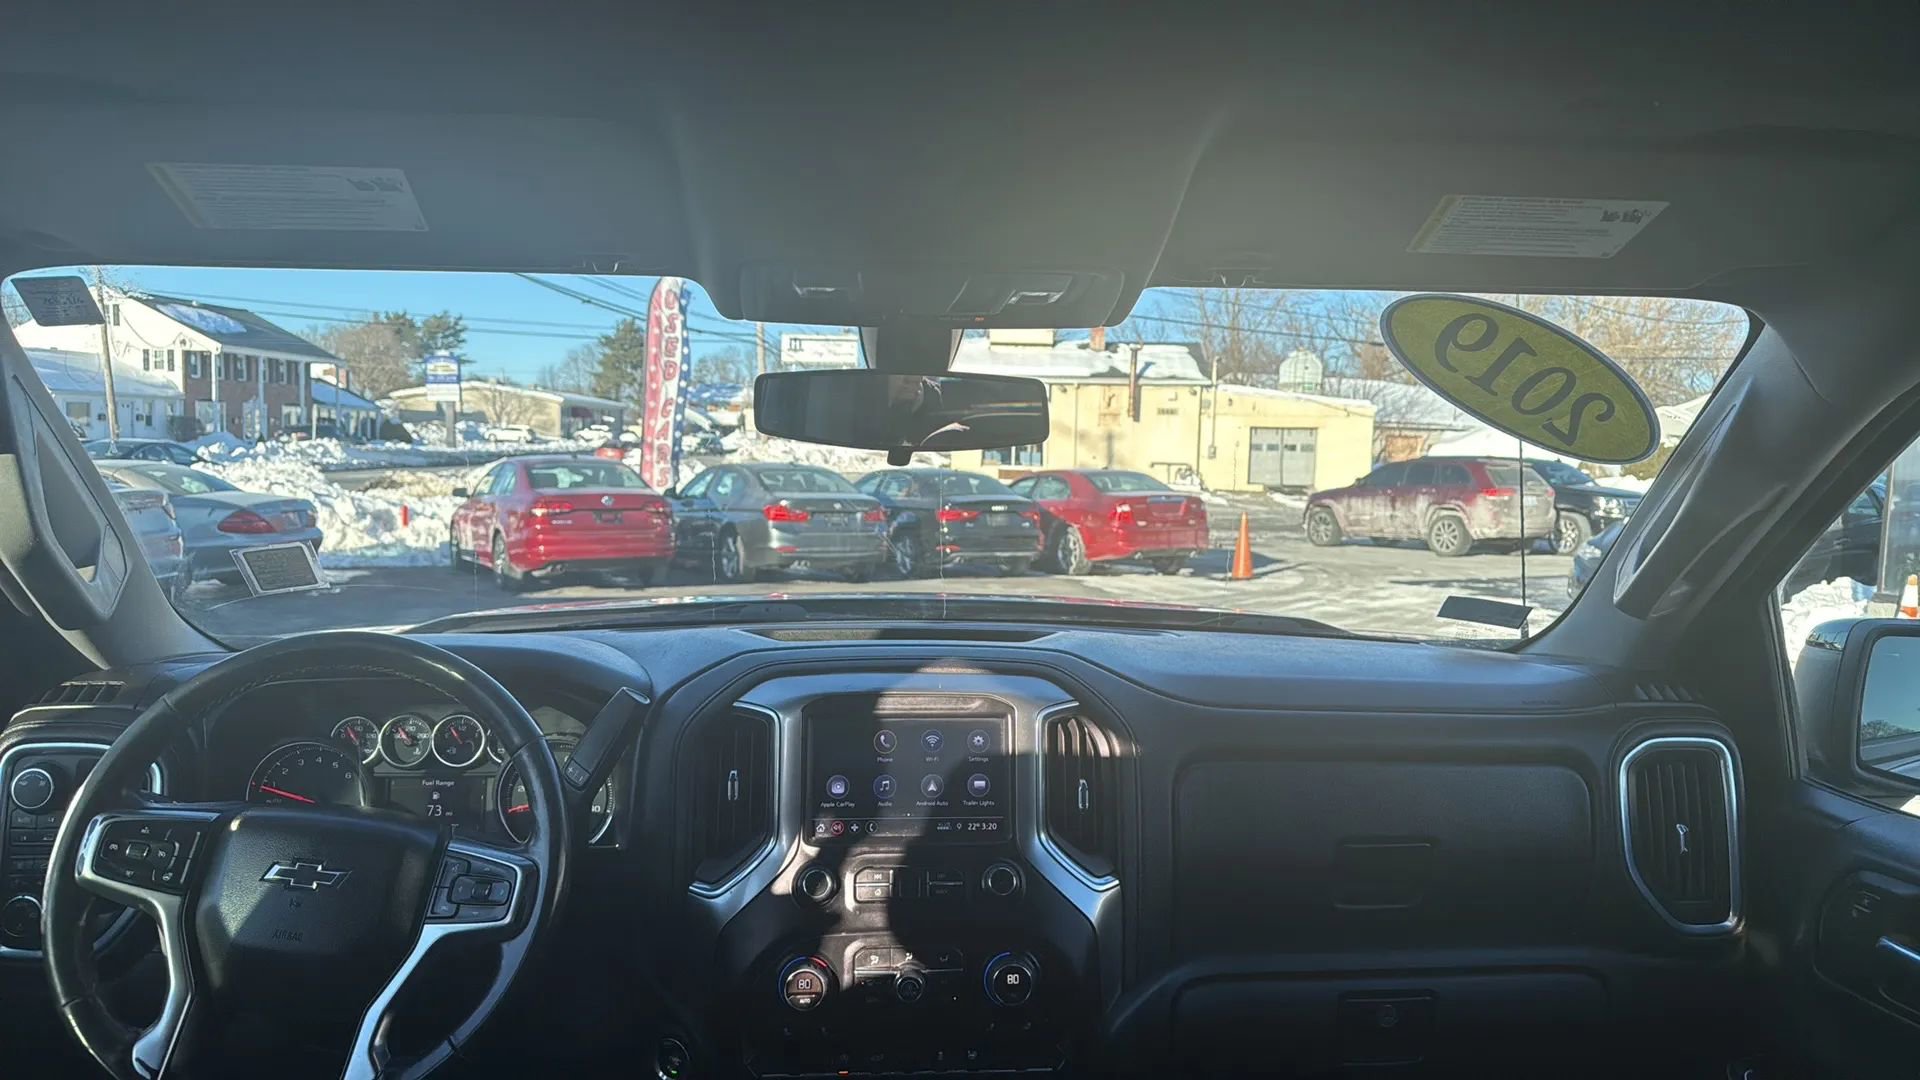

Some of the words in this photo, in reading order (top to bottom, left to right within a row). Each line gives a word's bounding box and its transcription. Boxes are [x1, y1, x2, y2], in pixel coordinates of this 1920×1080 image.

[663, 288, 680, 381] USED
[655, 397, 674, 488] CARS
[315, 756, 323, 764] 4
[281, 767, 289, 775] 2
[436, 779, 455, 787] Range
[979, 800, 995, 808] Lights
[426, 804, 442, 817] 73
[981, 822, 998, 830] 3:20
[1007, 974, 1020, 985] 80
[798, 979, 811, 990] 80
=-=-=
▶ [TASK PROMPT]:
Make a word-for-word copy of the entries, without any pictures.

▶ [REPLY TO THE EXERCISE]:
Some of the words in this photo, in reading order (top to bottom, left to right within a row). Each line gives a word's bounding box and its transcription. Boxes are [x1, y1, x2, y2], in pixel coordinates of this 1920×1080 image.

[663, 288, 680, 381] USED
[655, 397, 674, 488] CARS
[315, 756, 323, 764] 4
[281, 767, 289, 775] 2
[436, 779, 455, 787] Range
[979, 800, 995, 808] Lights
[426, 804, 442, 817] 73
[981, 822, 998, 830] 3:20
[1007, 974, 1020, 985] 80
[798, 979, 811, 990] 80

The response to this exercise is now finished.